Activity: Transcribe the records below word for word, leaving every picture out.

Entries shown:
◇ ◇ ◇ ◇

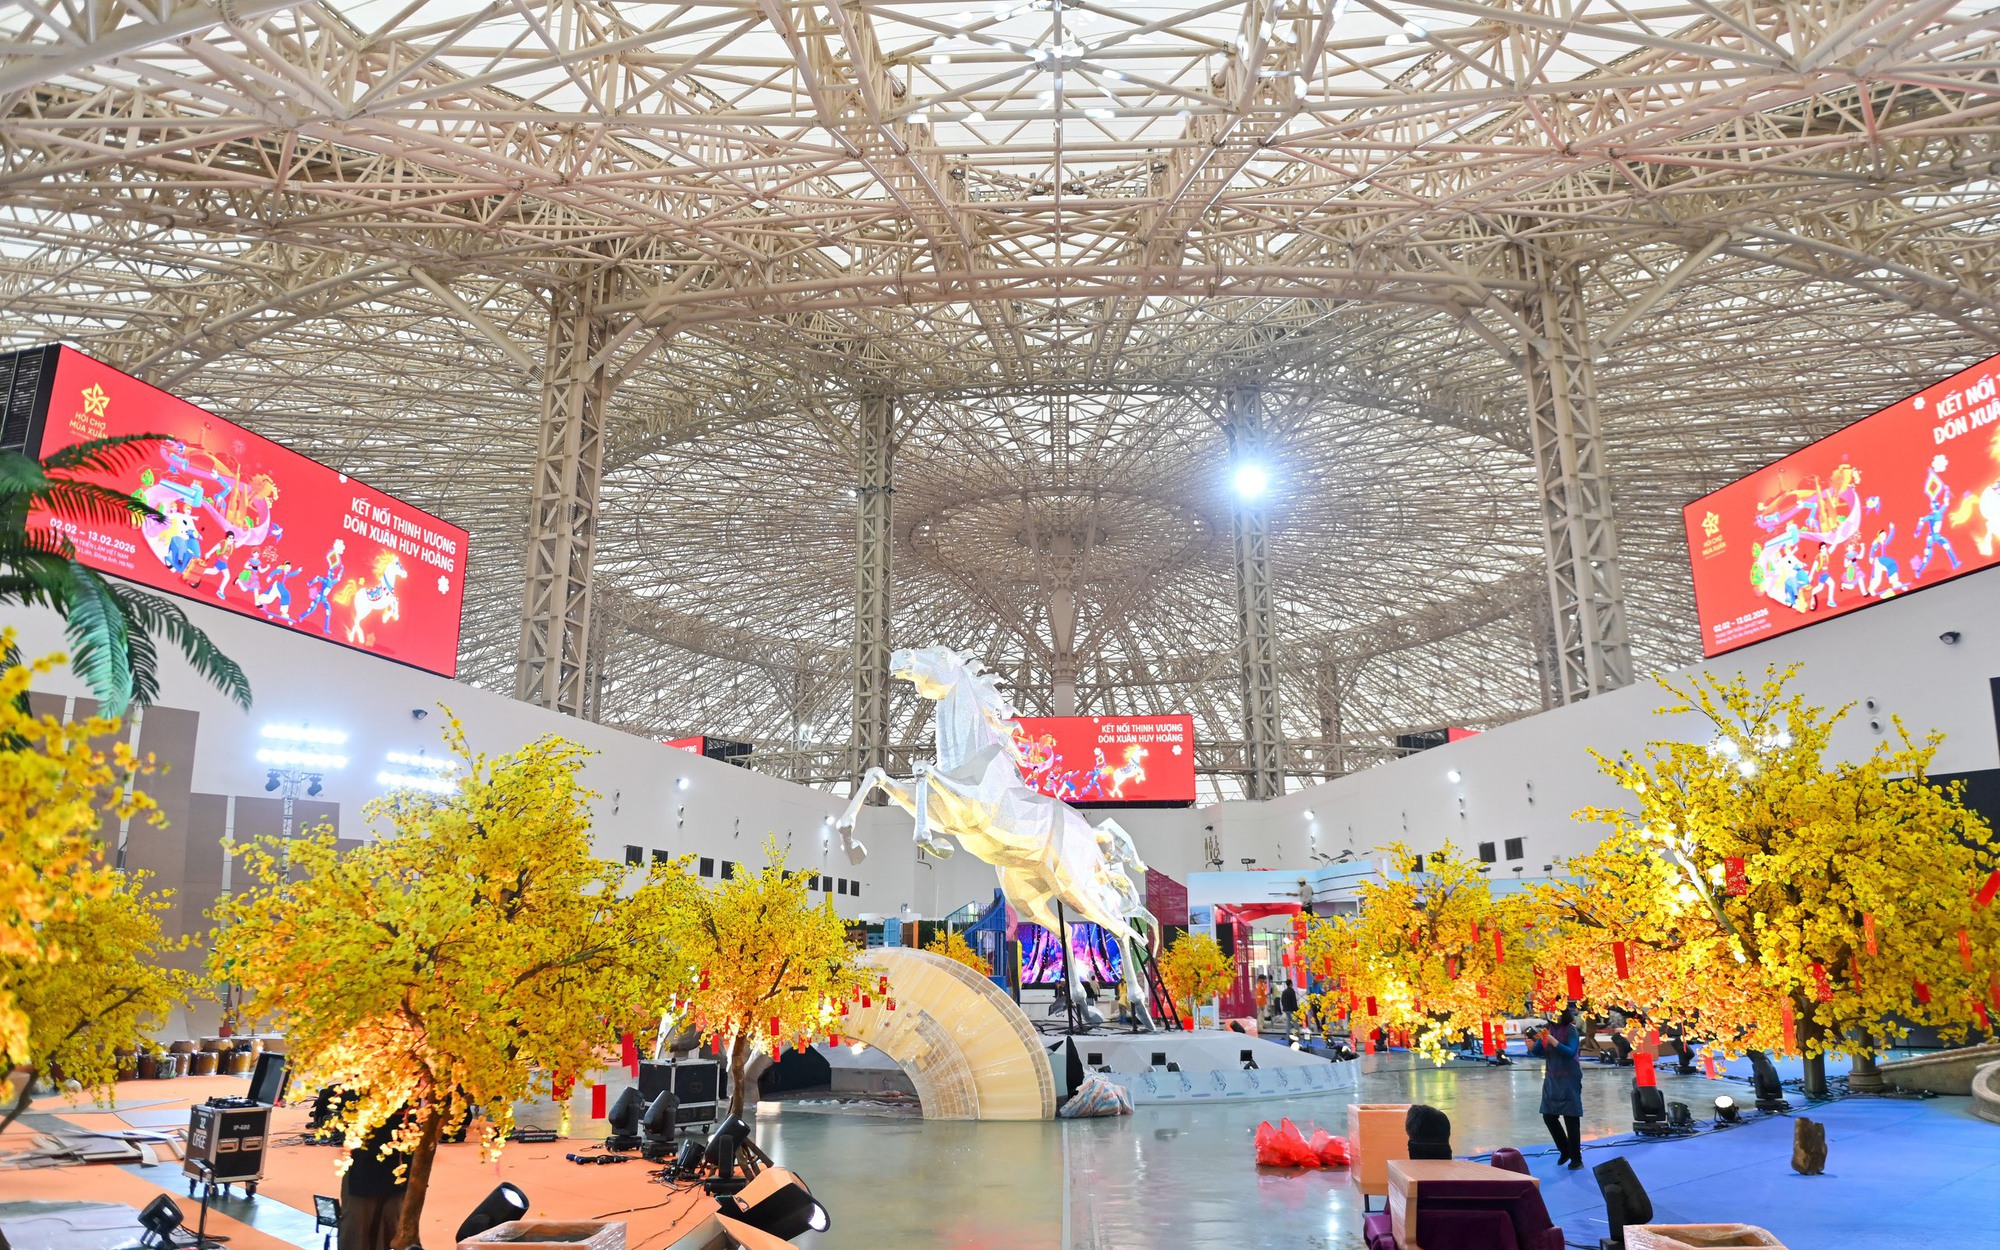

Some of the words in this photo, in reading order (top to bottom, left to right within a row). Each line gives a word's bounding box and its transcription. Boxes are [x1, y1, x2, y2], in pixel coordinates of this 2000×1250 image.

[1936, 390, 1962, 419] KẾT
[1965, 373, 1996, 406] NỐI
[1933, 416, 1968, 444] ĐÓN
[50, 517, 77, 535] 02.02
[87, 531, 136, 554] 13.02.2026
[342, 514, 367, 536] ĐÓN
[368, 526, 397, 550] XUÂN
[398, 540, 419, 558] HUY
[420, 550, 454, 573] HOÀNG
[351, 496, 371, 518] KẾT
[371, 507, 391, 527] NỐI
[392, 515, 421, 538] THỊNH
[423, 528, 457, 555] VƯỢNG
[1101, 723, 1114, 733] KẾT
[1116, 722, 1130, 733] NỐI
[1131, 724, 1154, 734] THỊNH
[1155, 723, 1183, 734] VƯỢNG
[1116, 732, 1137, 743] XUÂN
[1138, 734, 1154, 743] HUY
[1156, 732, 1183, 743] HOÀNG

◇ ◇ ◇ ◇

Response box:
Some of the words in this photo, in reading order (top to bottom, left to right within a row). Each line gives a word's bounding box and its transcription. Boxes are [x1, y1, x2, y2], in pixel coordinates of this 2000×1250 image.

[1936, 390, 1962, 419] KẾT
[1965, 373, 1996, 406] NỐI
[1933, 416, 1968, 444] ĐÓN
[50, 517, 77, 535] 02.02
[87, 531, 136, 554] 13.02.2026
[342, 514, 367, 536] ĐÓN
[368, 526, 397, 550] XUÂN
[398, 540, 419, 558] HUY
[420, 550, 454, 573] HOÀNG
[351, 496, 371, 518] KẾT
[371, 507, 391, 527] NỐI
[392, 515, 421, 538] THỊNH
[423, 528, 457, 555] VƯỢNG
[1101, 723, 1114, 733] KẾT
[1116, 722, 1130, 733] NỐI
[1131, 724, 1154, 734] THỊNH
[1155, 723, 1183, 734] VƯỢNG
[1116, 732, 1137, 743] XUÂN
[1138, 734, 1154, 743] HUY
[1156, 732, 1183, 743] HOÀNG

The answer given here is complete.